• WHAT IS NEEDED: Repeat word for word everything from the line containing "Some of the text" to the end of the listing, first and last lines included, and only that.

***** GIVEN DATA *****

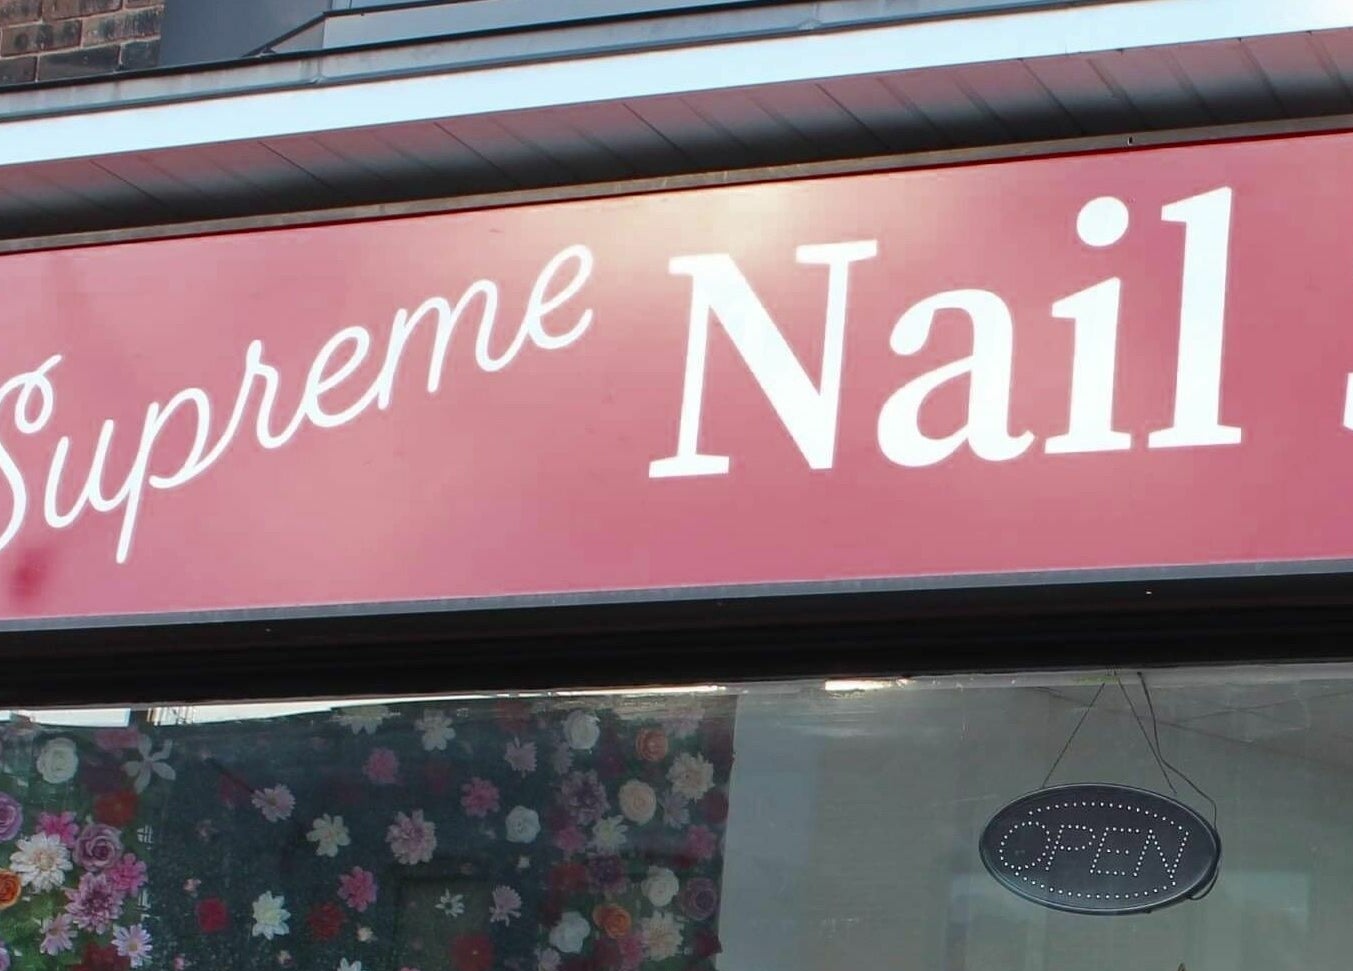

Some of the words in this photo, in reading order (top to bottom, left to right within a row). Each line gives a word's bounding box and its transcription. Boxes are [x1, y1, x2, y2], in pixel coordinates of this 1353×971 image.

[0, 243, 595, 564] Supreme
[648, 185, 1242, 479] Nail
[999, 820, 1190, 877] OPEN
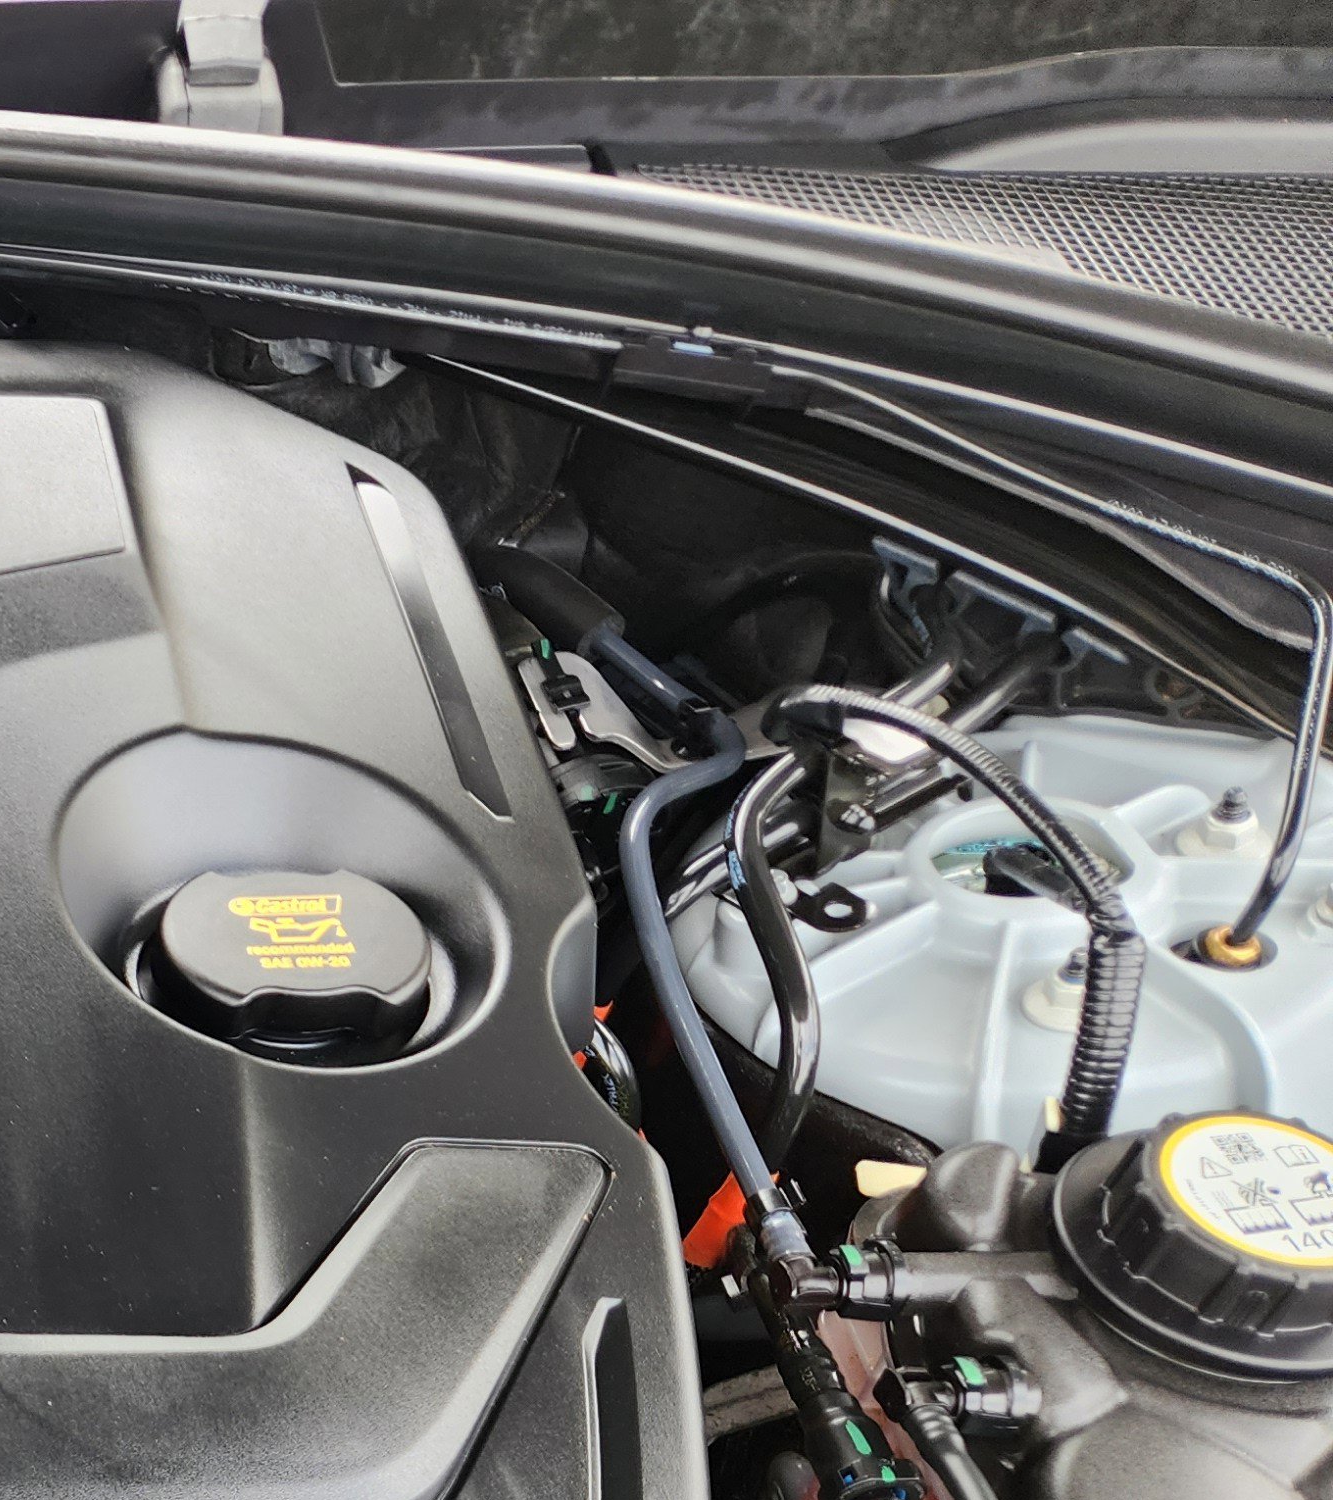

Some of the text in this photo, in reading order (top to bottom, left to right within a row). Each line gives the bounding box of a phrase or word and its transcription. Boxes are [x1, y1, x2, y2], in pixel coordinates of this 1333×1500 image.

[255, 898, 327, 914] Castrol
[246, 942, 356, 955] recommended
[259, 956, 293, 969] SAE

*****

• RESPONSE TO THE EXERCISE:
Some of the text in this photo, in reading order (top to bottom, left to right within a row). Each line gives the bounding box of a phrase or word and its transcription. Boxes are [x1, y1, x2, y2], in pixel coordinates of this 1333×1500 image.

[255, 898, 327, 914] Castrol
[246, 942, 356, 955] recommended
[259, 956, 293, 969] SAE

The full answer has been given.